▸ What you have to do:
Output the data verbatim, minus the images.

------------------------------------------------

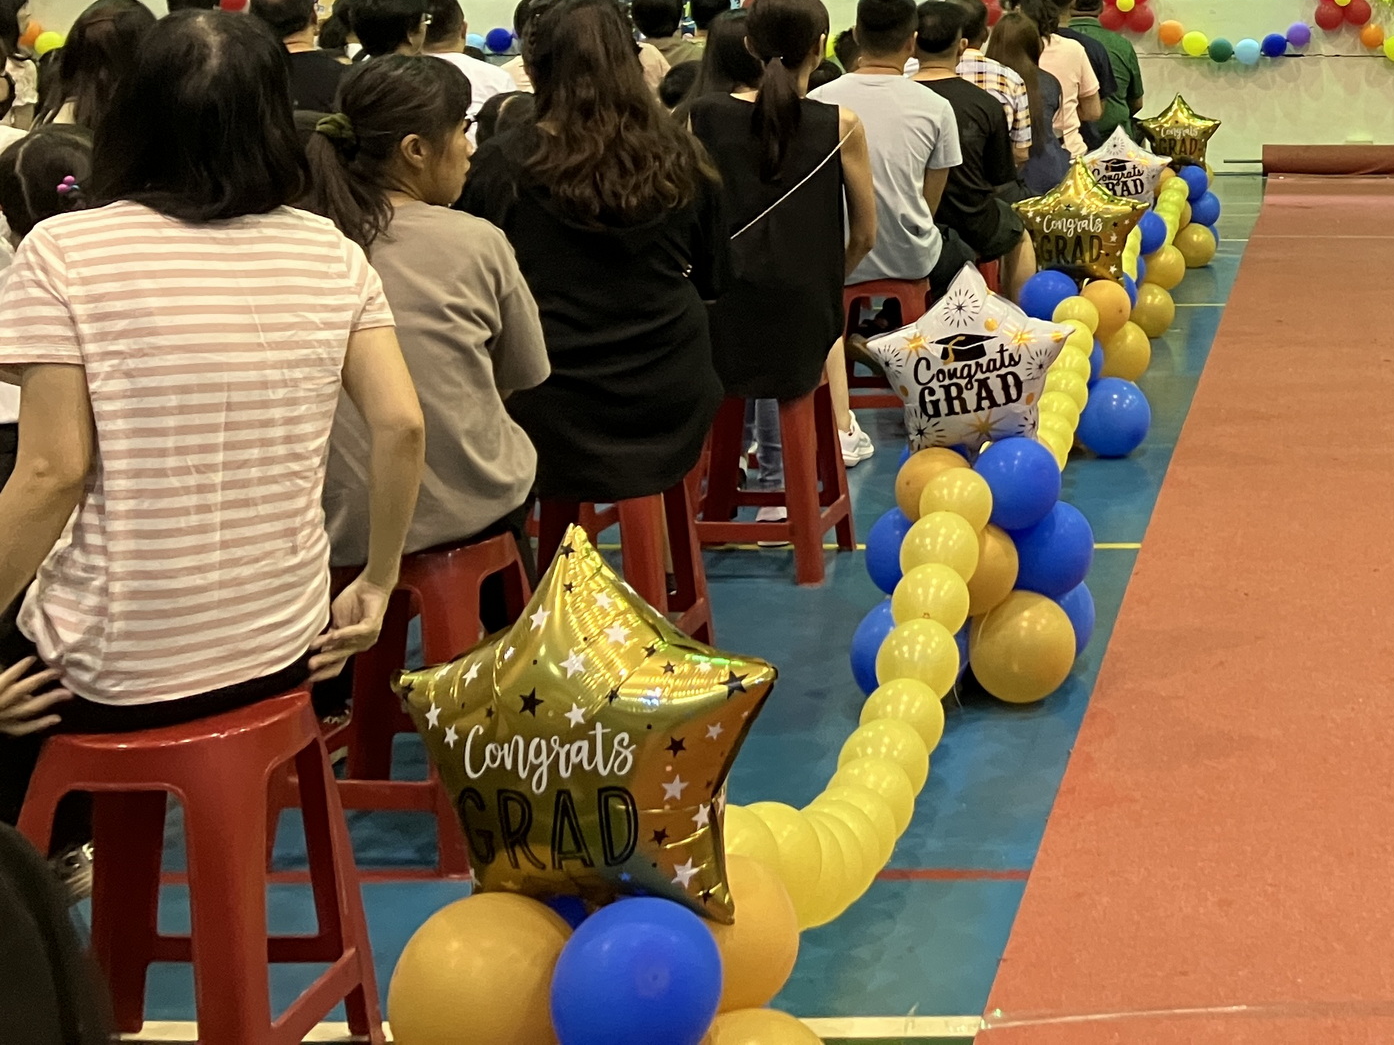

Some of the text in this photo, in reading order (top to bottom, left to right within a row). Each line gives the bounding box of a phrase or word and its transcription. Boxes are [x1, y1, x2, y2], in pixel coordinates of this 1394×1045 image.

[1105, 178, 1144, 197] RAD
[1043, 214, 1103, 237] Congrats
[1040, 234, 1103, 266] GRAD
[914, 343, 1021, 391] Congrats
[918, 371, 1023, 419] GRAD
[464, 721, 637, 794] Congrats
[457, 785, 639, 872] GRAD

------------------------------------------------

▸ Answer space:
Some of the text in this photo, in reading order (top to bottom, left to right within a row). Each line gives the bounding box of a phrase or word and its transcription. Boxes are [x1, y1, x2, y2], in pixel coordinates of this 1394×1045 image.

[1105, 178, 1144, 197] RAD
[1043, 214, 1103, 237] Congrats
[1040, 234, 1103, 266] GRAD
[914, 343, 1021, 391] Congrats
[918, 371, 1023, 419] GRAD
[464, 721, 637, 794] Congrats
[457, 785, 639, 872] GRAD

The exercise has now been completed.